## What is being asked
Set down the entries below exactly; drop the pictures.

Records from a collection
◆ ◆ ◆ ◆ ◆

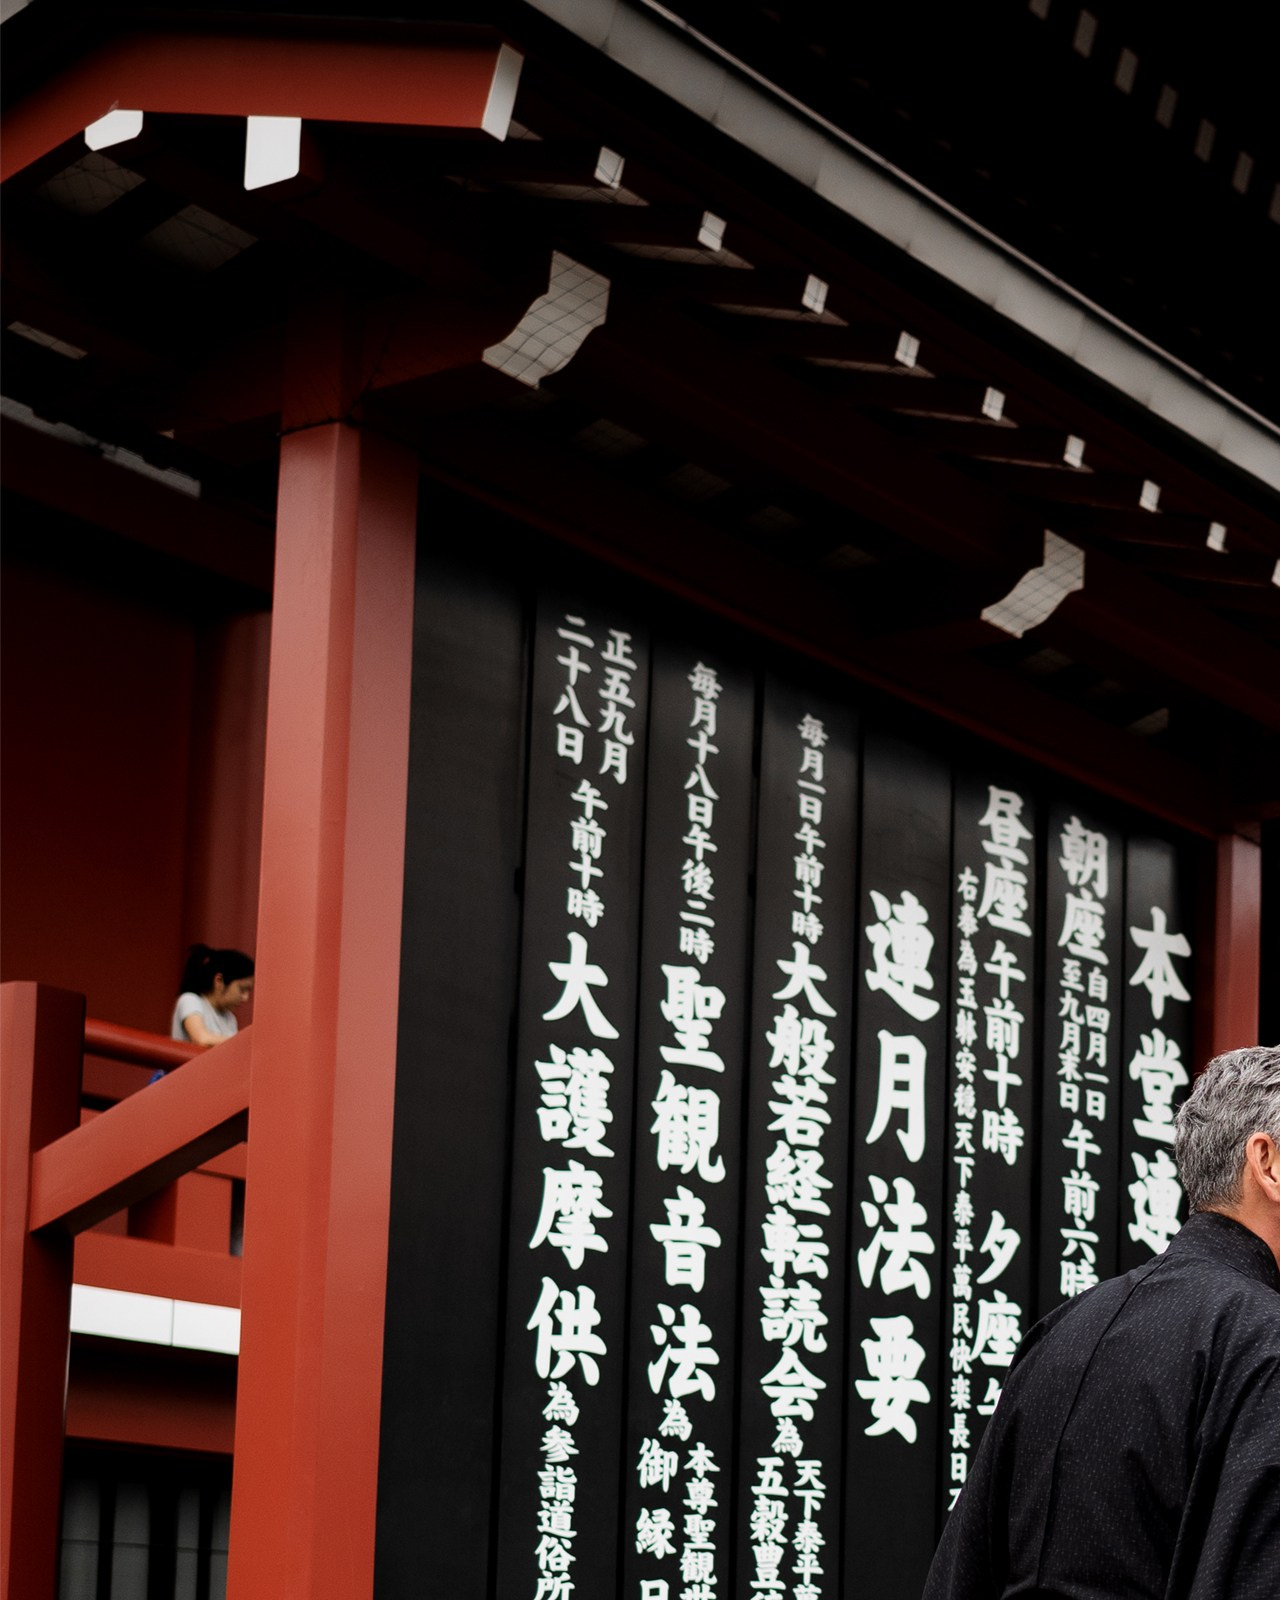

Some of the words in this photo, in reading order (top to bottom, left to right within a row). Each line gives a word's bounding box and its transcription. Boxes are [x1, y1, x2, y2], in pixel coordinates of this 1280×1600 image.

[553, 616, 595, 765] 二十八日
[598, 630, 638, 785] 正五九月
[567, 779, 609, 928] 午前十時
[1058, 817, 1109, 965] 朝座
[980, 940, 1027, 1167] 午前十時
[1057, 957, 1084, 1113] 至九月末日
[1084, 967, 1111, 1121] 自四月一日
[527, 933, 620, 1388] 大護摩供
[647, 965, 727, 1402] 聖観音法
[758, 941, 838, 1420] 大般若経転読会
[854, 889, 940, 1443] 連月法要
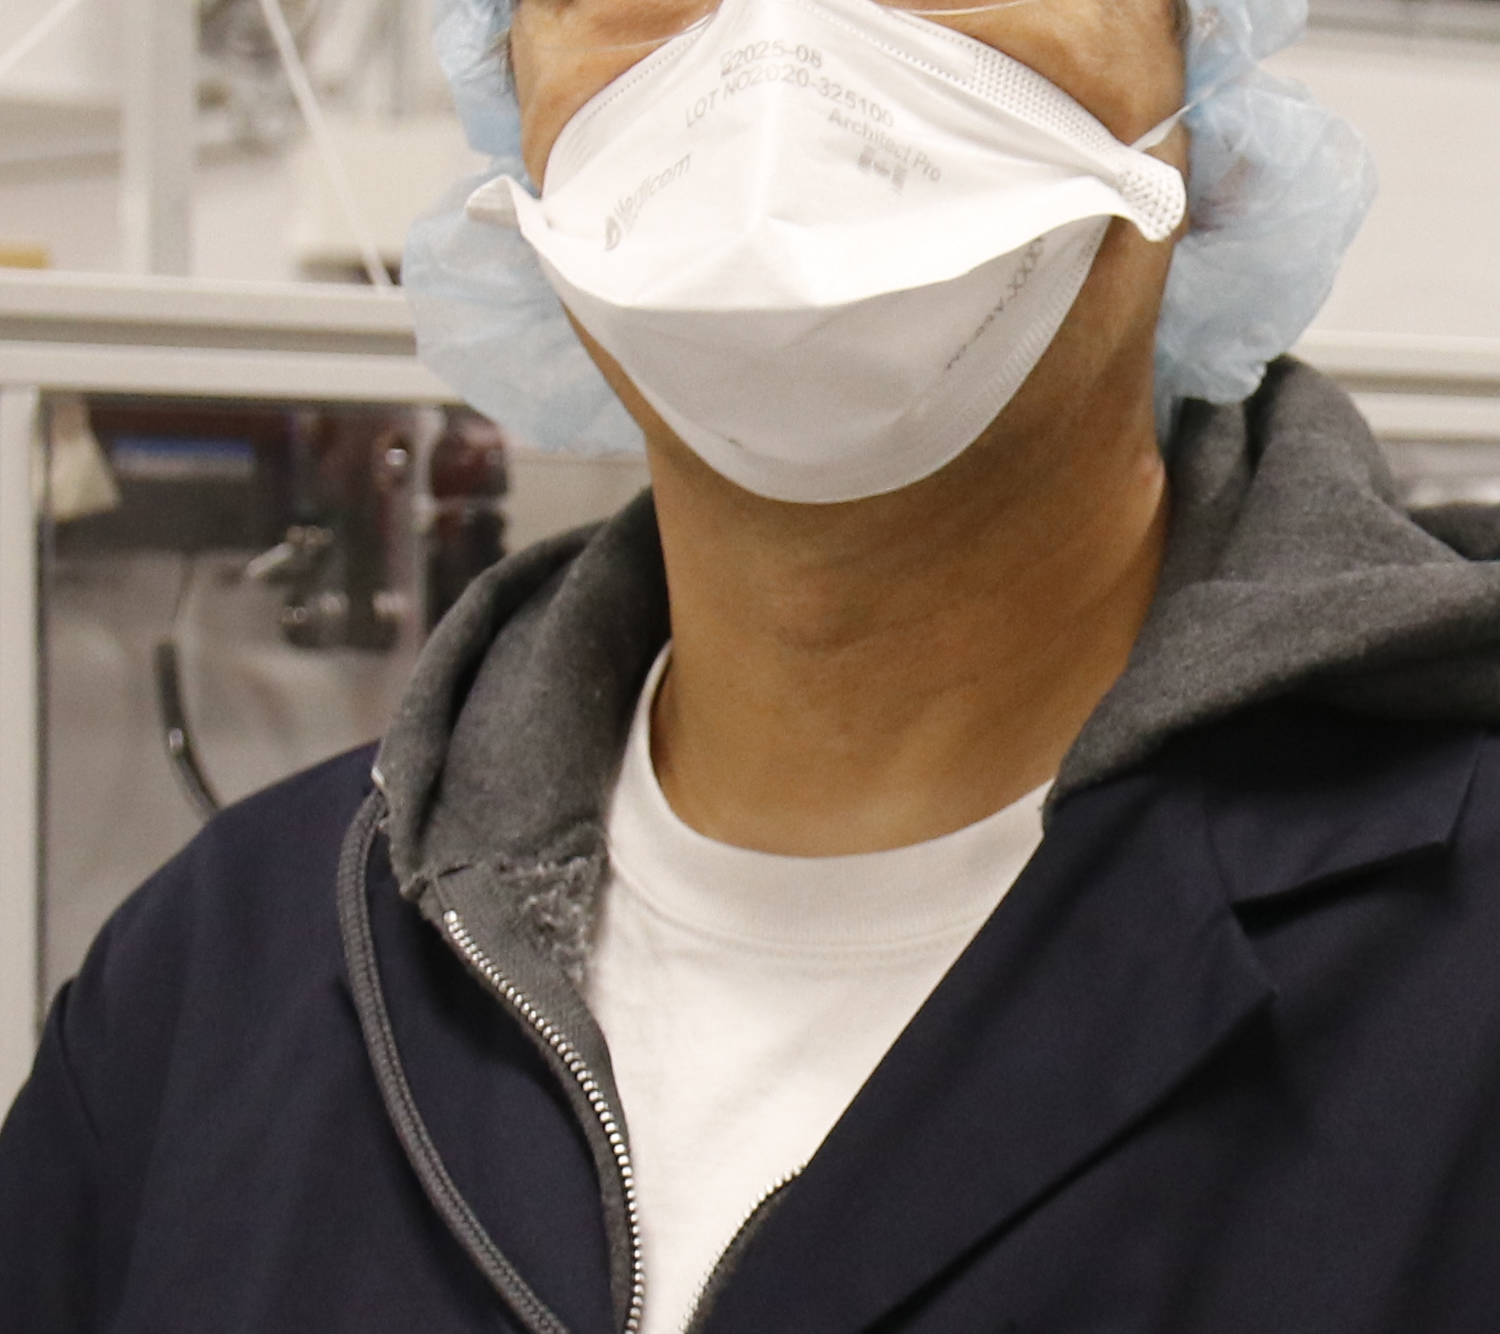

◆ ◆ ◆ ◆ ◆

## Your response
Some of the words in this photo, in reading order (top to bottom, left to right within a row). Each line gives a word's bounding box and its transcription. Boxes are [x1, y1, x2, y2], in pixel coordinates of this 1280×1600 image.

[553, 616, 595, 765] 二十八日
[598, 630, 638, 785] 正五九月
[567, 779, 609, 928] 午前十時
[1058, 817, 1109, 965] 朝座
[980, 940, 1027, 1167] 午前十時
[1057, 957, 1084, 1113] 至九月末日
[1084, 967, 1111, 1121] 自四月一日
[527, 933, 620, 1388] 大護摩供
[647, 965, 727, 1402] 聖観音法
[758, 941, 838, 1420] 大般若経転読会
[854, 889, 940, 1443] 連月法要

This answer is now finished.